Two moments during the Twenty20 left Morkel wanting to dig himself a hole as he offered in-form batsmen a life by overstepping. Against India, Suresh Raina was given a reprieve when on 5, and the left-hander converted that into 101, then when faced with England Morkel couldn't keep his foot behind the line to Craig Kieswetter at the start of a match-winning stand alongside Kevin Pietersen.
With South Africa having some extra time on their hands after an early exit, Morkel put that to good use and set about correcting the problem before it cost him any more international wickets. His recovery started in the one-day series where he claimed 11 wickets at 15.90 and during the opening Test he didn't bowl a single no-ball.
"A big thing about bowling is your mindset, but after the Twenty20 World Cup I did make a few small tweaks because I'd been struggling with no-balls so I made a decision to try and sort it out," he told Cricinfo. "I put some work into fine tuning my run up and I feel so much more controlled and balanced at the crease. In turn that has helped by consistency and it has done wonders for me so far."
The end product was figures of 4 for 19 on the third day at the Queen's Park Oval as West Indies were dispatched for 102. Morkel grabbed the key scalp of Chris Gayle before repeating the dose in the second innings after Gayle had battled hard for 73.
"Going into the Test you could see there wasn't going to be much in the wicket for the quicker guys so I knew the new ball would be vital to make early inroads," he said. "Once it goes softer the bounce just gets lower and lower and it becomes very hard work. I was pretty pleased because I normally start off a little slow in Test series so I'm really glad to have some success and I'm in a good place at the moment."

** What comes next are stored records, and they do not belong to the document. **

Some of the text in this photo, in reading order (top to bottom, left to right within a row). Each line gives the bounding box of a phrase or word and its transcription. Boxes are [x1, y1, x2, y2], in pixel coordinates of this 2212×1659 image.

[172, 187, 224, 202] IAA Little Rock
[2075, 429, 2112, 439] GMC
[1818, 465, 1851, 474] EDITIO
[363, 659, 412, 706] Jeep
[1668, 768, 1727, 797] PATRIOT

Morkel forms one half of the most exciting pace combination in the world at the moment. His partnership with Dale Steyn really began to flourish earlier this year after they combined to blow away England in Johannesburg. Once Morkel had roughed up West Indies' top order, Steyn found devastating reverse swing to finish with 5 for 29 and in the process became the fourth fastest bowler to pass 200 Test wickets.
The pair complement each other perfectly with Morkel's height and bounce alongside Steyn's vicious late movement. To make it even more enjoyable for the duo they are also best mates off the field.

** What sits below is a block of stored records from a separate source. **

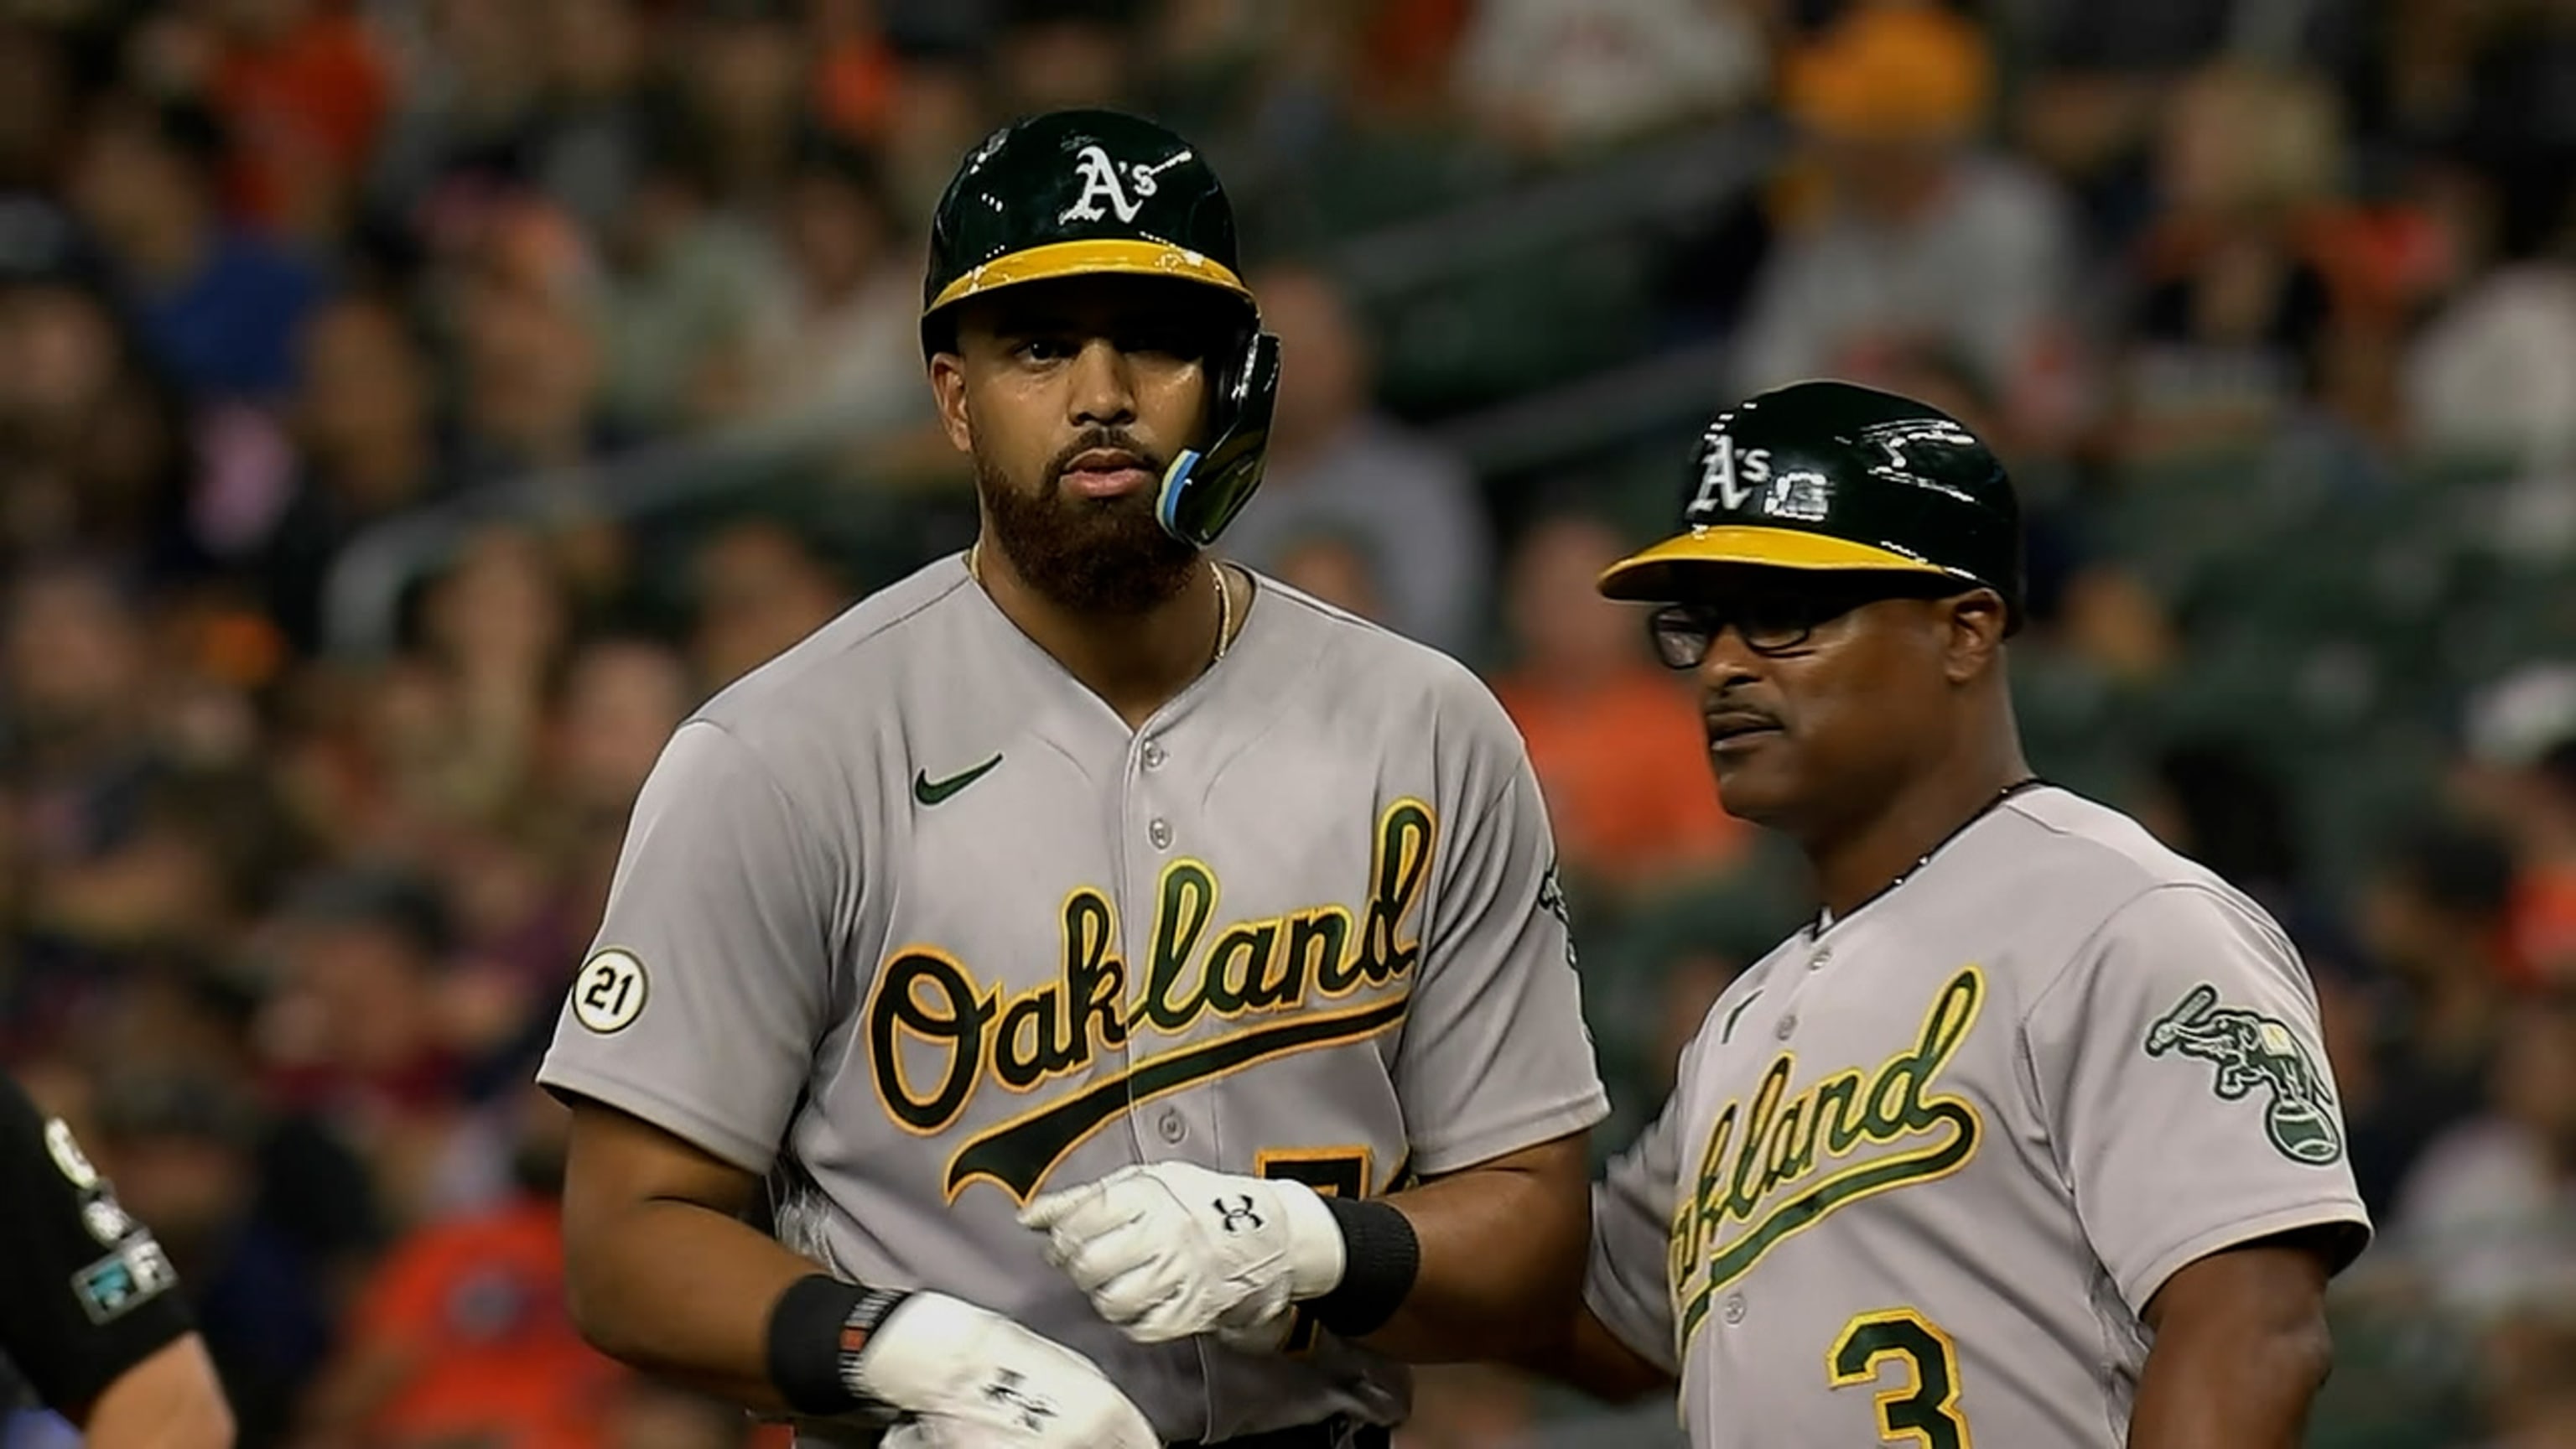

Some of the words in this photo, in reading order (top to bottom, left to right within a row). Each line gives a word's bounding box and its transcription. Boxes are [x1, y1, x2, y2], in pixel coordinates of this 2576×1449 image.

[1058, 146, 1158, 226] A's
[1685, 434, 1772, 521] A's
[584, 965, 634, 1015] 21
[867, 797, 1436, 1136] Oakland
[1668, 963, 1985, 1293] akland
[1824, 1306, 1973, 1449] 3

"For me it's special to share the new ball with Dale," said Morkel. "He's been No.1 in the world for the past year or so and fully deserved to pass 200 wickets like he did. To help him out by putting the batsmen under pressure is a role I really enjoy.
"We are very close friends as well, we used to open the bowling for our franchise, so it's nice to now be doing it at international level and fortunately we are having some decent results at the moment. We understand each other and communicate well when we are bowling together."
South Africa's thoughts now turn to the second Test in St Kitts, but the tourists are constantly keeping plenty of attention on events back home at the football World Cup. The opening match, where Bafana Bafana drew 1-1 with Mexico, took place while the team were batting in Trinidad but that didn't stop the squad following the action.
"In the gym downstairs there was a telly that was on the soccer and it's the first time I've seen all the guys so keen to do a gym session," joked Morkel. "They pretended to spend some time on the treadmill so they could watch.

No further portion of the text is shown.